Binding and activity measurements to identify affinity-matured variants
The panel of 20 predicted variants, 13 point mutations in the VH domain and 7 point mutations in the VL domain, were constructed by using site-directed mutagenesis and were subsequently expressed and purified. Capture ELISAs revealed that two of the variants, clone 1 (or AB1-C1, H:S28R) and clone 16 (or AB1-C16, L:G35Y), showed a noticeable shift in the binding EC50, whereas the rest of the mutants either retained or reduced binding when compared with the parent. We followed up by combining both the VH and VL mutations into a combination clone, clone 1–16 (or AB1-C1-16), and saw that it maintained the left shift in the binding curve (Fig 7A). To further confirm that these variants indeed conferred improved binding affinities, we proceeded to generate Fab fragments from these purified antibodies with papain proteolysis. The 1:1 binding kinetics and affinities were measured by surface plasmon resonance with Biacore. Clone AB1-C1 showed 4-fold improvement in binding dissociation constant (KD) when compared with parental AB1, whereas AB1-C16 had a smaller improvement in binding KD. The combination clone AB1-C1-16 behaved similarly to AB1-C1.
To evaluate the impact of these modest affinity improvements, we carried out a CCR6 Chinese hamster ovary (CHO)-K1 β-arrestin G protein–coupled receptor functional assay.

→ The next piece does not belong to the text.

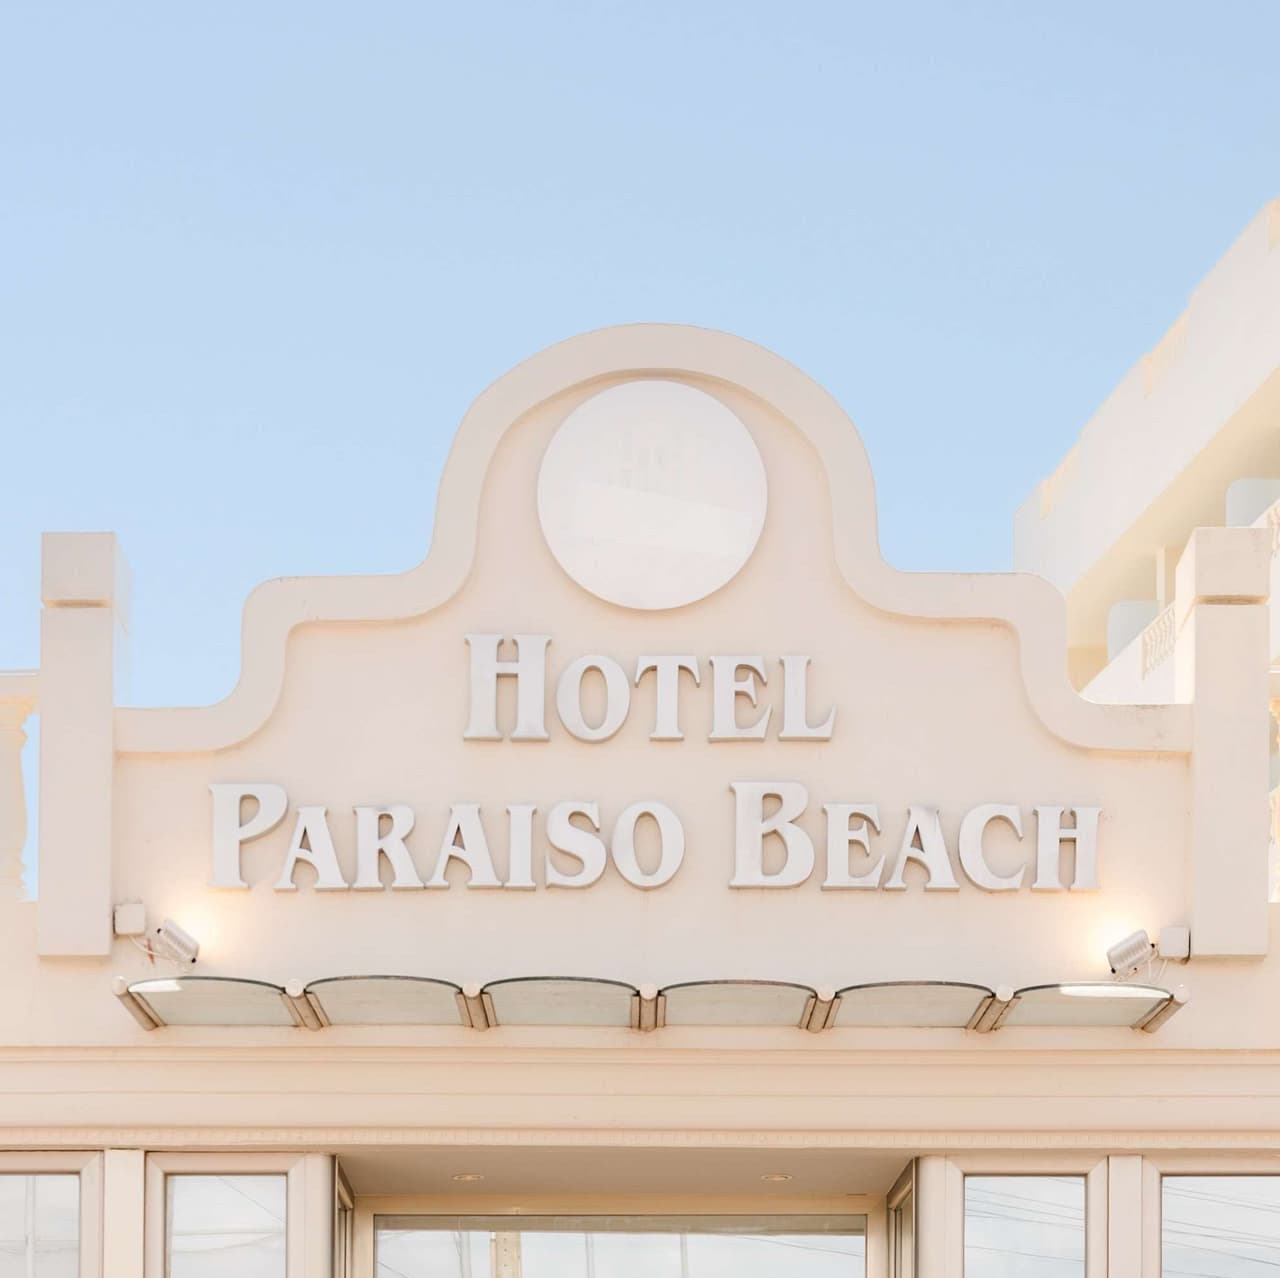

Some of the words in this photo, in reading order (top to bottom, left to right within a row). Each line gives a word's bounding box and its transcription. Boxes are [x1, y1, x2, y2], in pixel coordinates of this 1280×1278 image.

This assay allows direct measurement of the activation of muCCR6 by muCCL20, as well as the inhibition of this pathway by an inhibitor. Characterization of these AB1 variants revealed a shift in the antibody IC50 by AB1-C1, AB1-C16, and AB1-C1-16. Although AB1-C16 maintained about a 2-fold decrease in IC50 (i.e., 2-fold increase in inhibition potency), AB1-C1 and AB1-C1-16 conferred about a 4-fold decrease in IC50. This demonstrated that the improved affinity conferred by these two amino acid changes led to the enhanced inhibition of the ligand-receptor interaction.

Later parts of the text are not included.